■ The problem
Each line of data below is to be returned exactly, leaving out any picture.

■ Dataset excerpts
────

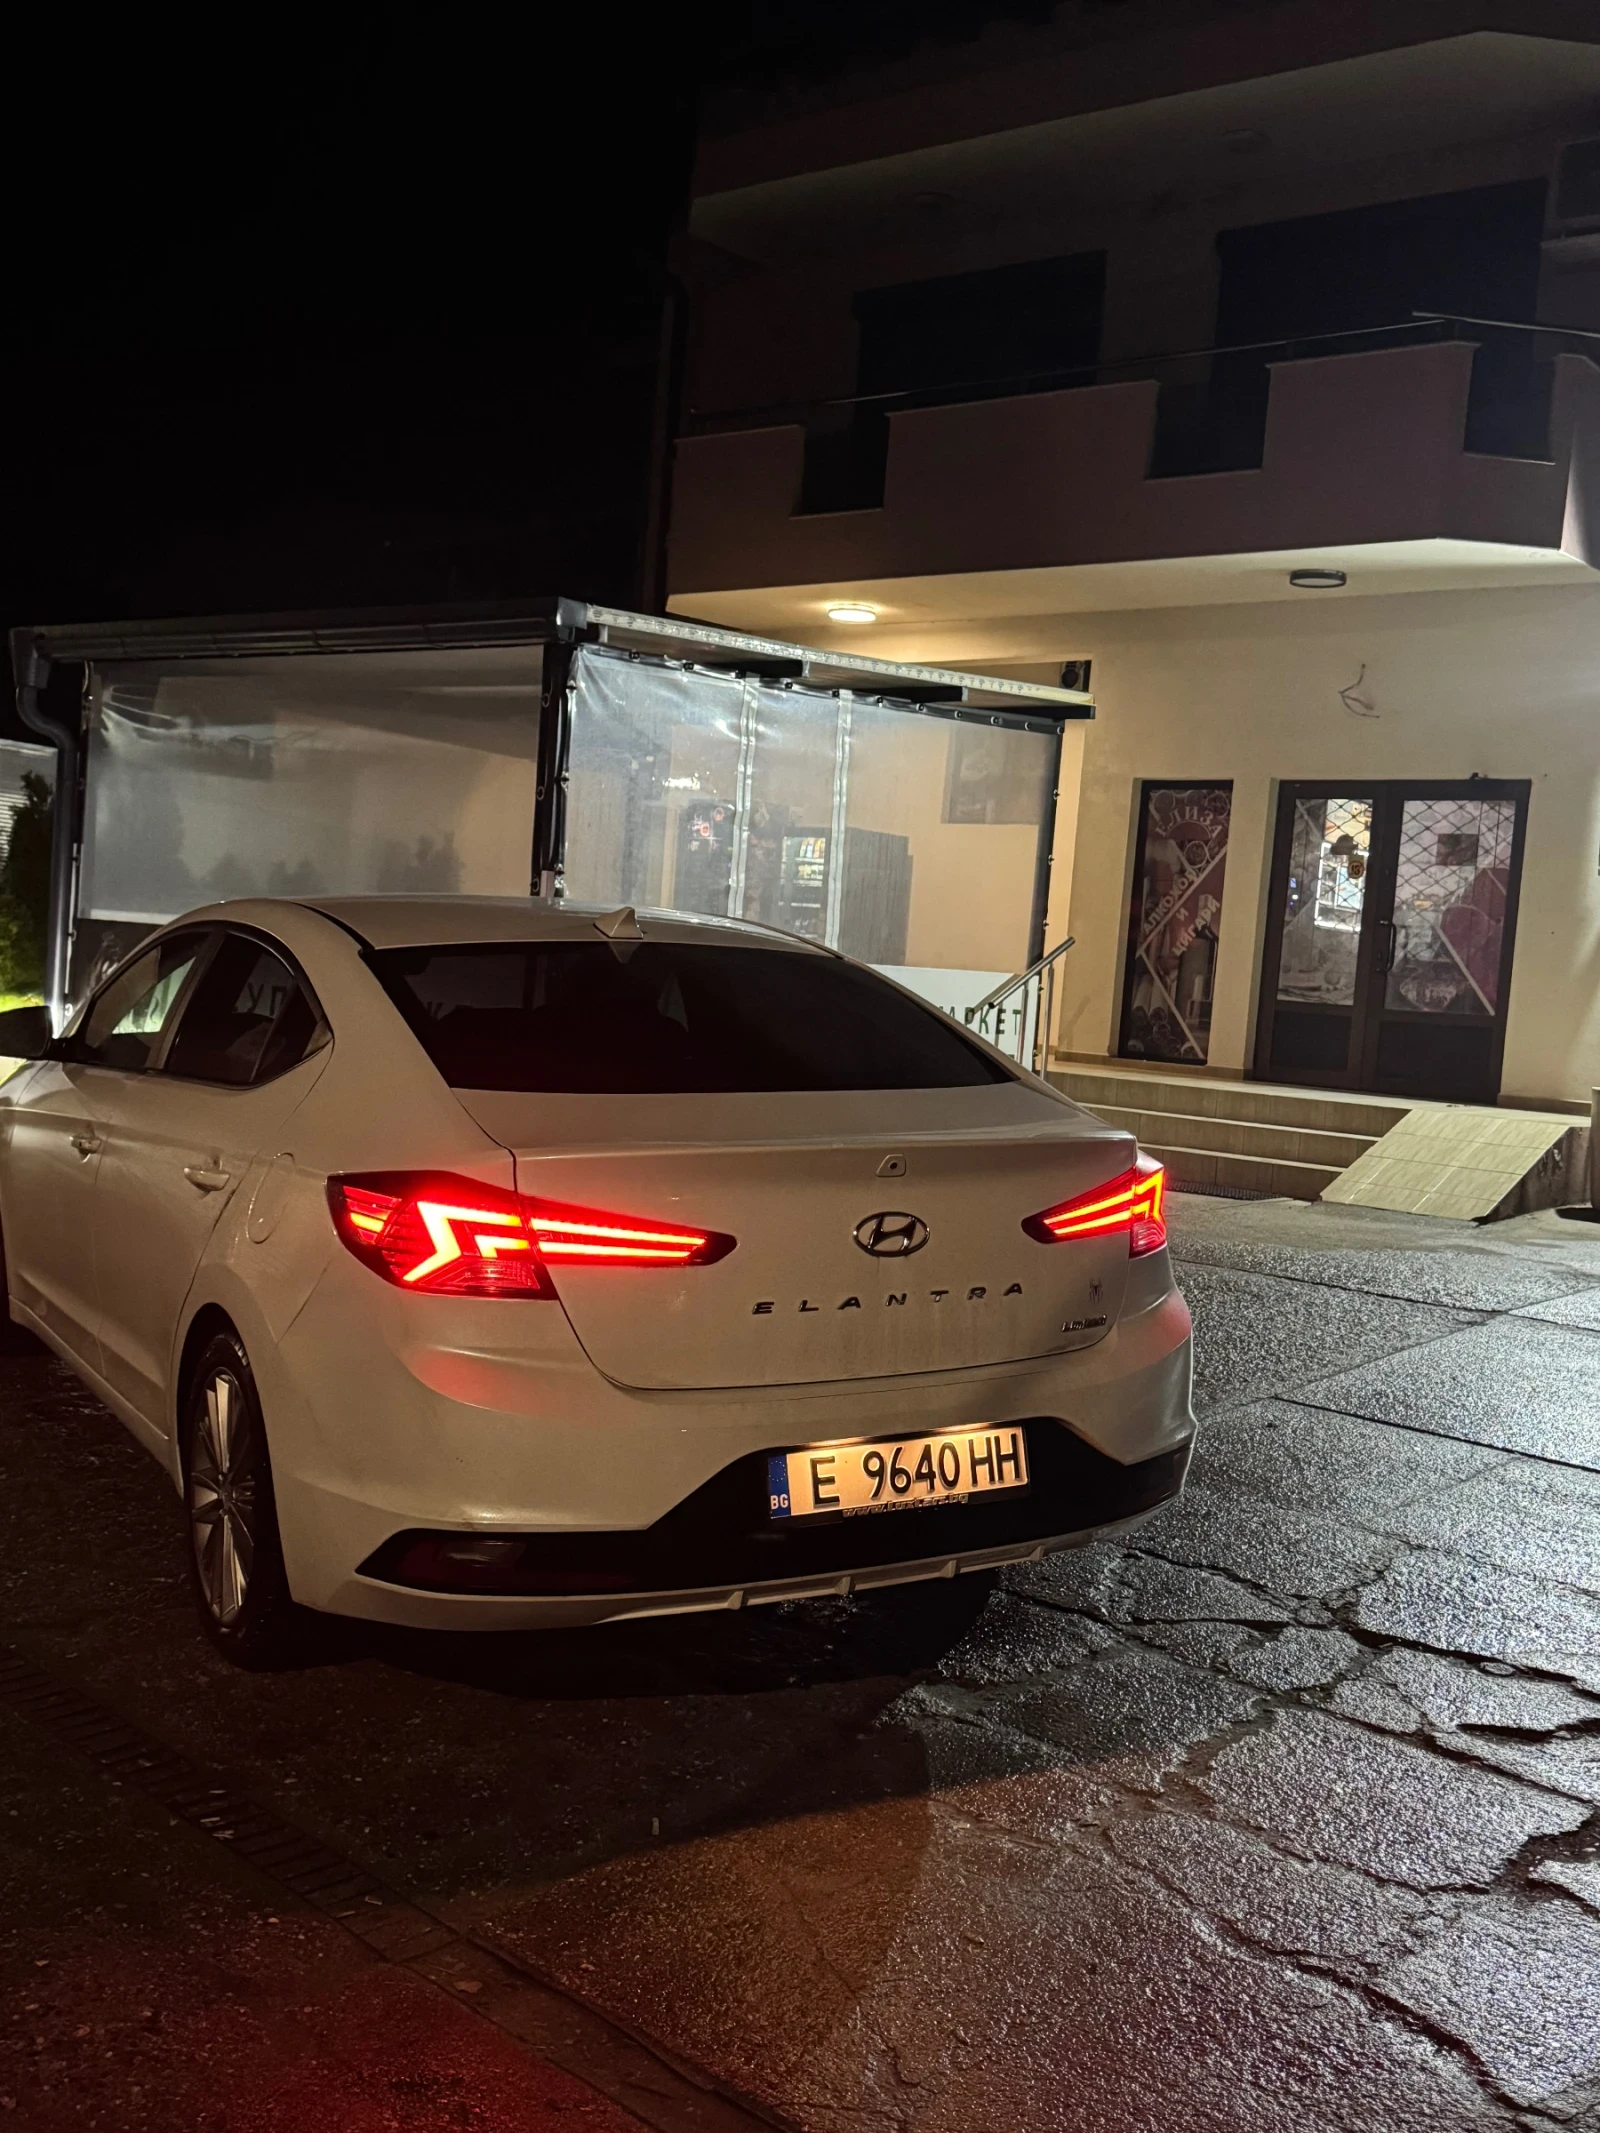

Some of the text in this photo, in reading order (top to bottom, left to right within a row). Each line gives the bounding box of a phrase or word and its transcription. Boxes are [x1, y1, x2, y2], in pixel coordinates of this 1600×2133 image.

[1155, 806, 1223, 838] ЕЛИЗА
[752, 1282, 1024, 1315] ELANTRA
[810, 1433, 1021, 1508] E 9640 HH
[769, 1494, 790, 1511] BG
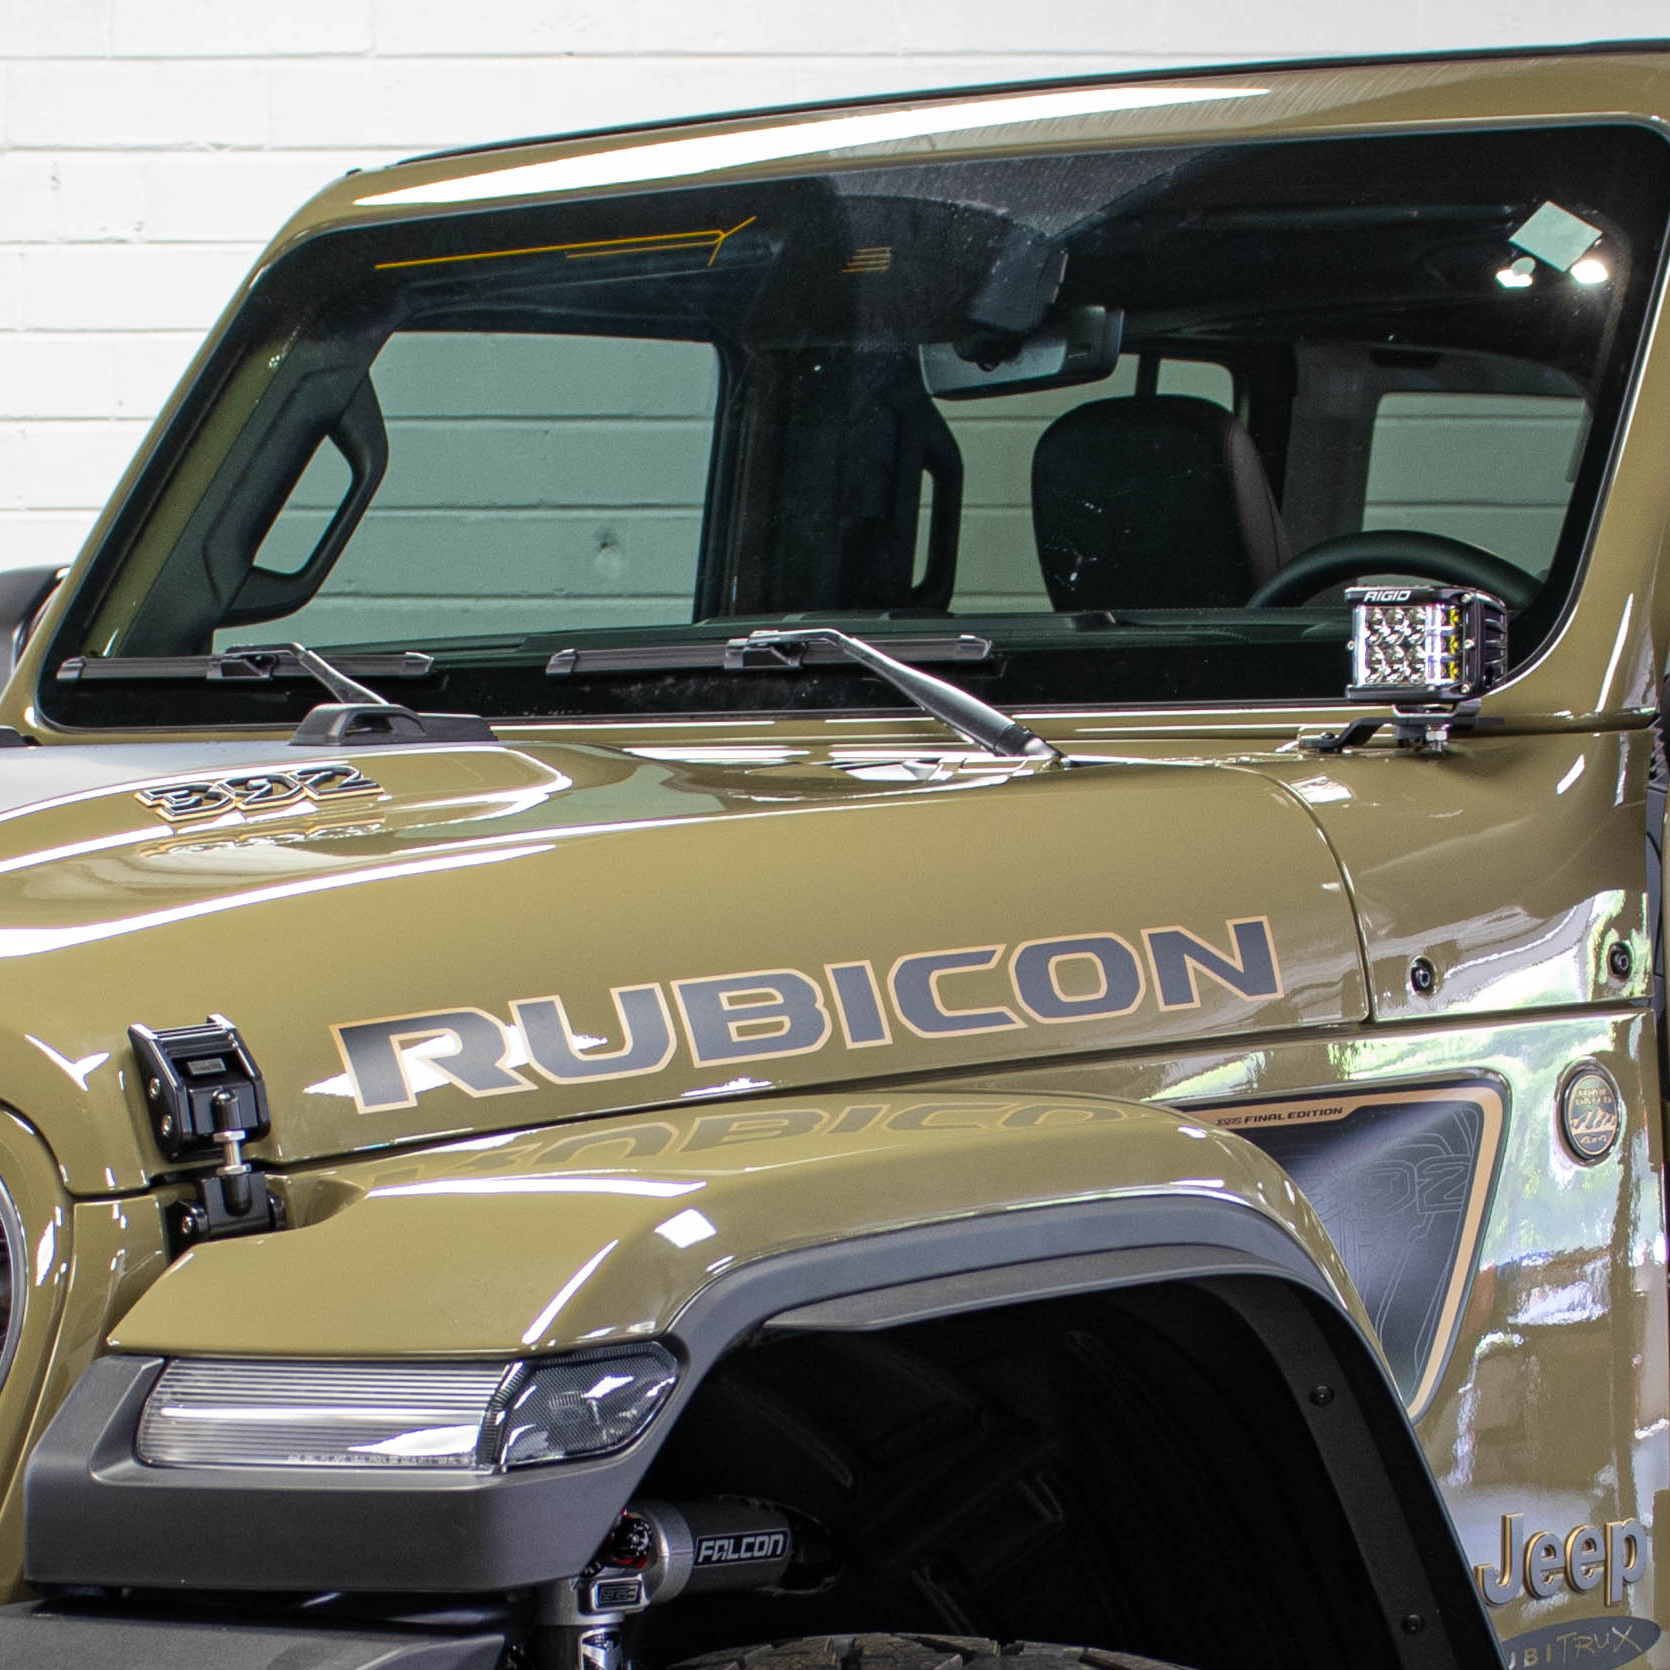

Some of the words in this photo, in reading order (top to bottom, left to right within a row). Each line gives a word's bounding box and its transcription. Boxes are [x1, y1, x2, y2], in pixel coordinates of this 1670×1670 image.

[1364, 589, 1412, 602] RIGID
[135, 764, 386, 823] 392
[330, 915, 1284, 1115] RUBICON
[1243, 1112, 1285, 1125] FINAL
[1287, 1106, 1344, 1120] EDITION
[698, 1533, 785, 1563] FALCON
[1476, 1512, 1649, 1607] Jeep

────

■ Solution for this problem
Some of the text in this photo, in reading order (top to bottom, left to right within a row). Each line gives the bounding box of a phrase or word and its transcription. Boxes are [x1, y1, x2, y2], in pixel coordinates of this 1600×2133 image.

[1155, 806, 1223, 838] ЕЛИЗА
[752, 1282, 1024, 1315] ELANTRA
[810, 1433, 1021, 1508] E 9640 HH
[769, 1494, 790, 1511] BG

Some of the words in this photo, in reading order (top to bottom, left to right within a row). Each line gives a word's bounding box and its transcription. Boxes are [x1, y1, x2, y2], in pixel coordinates of this 1670×1670 image.

[1364, 589, 1412, 602] RIGID
[135, 764, 386, 823] 392
[330, 915, 1284, 1115] RUBICON
[1243, 1112, 1285, 1125] FINAL
[1287, 1106, 1344, 1120] EDITION
[698, 1533, 785, 1563] FALCON
[1476, 1512, 1649, 1607] Jeep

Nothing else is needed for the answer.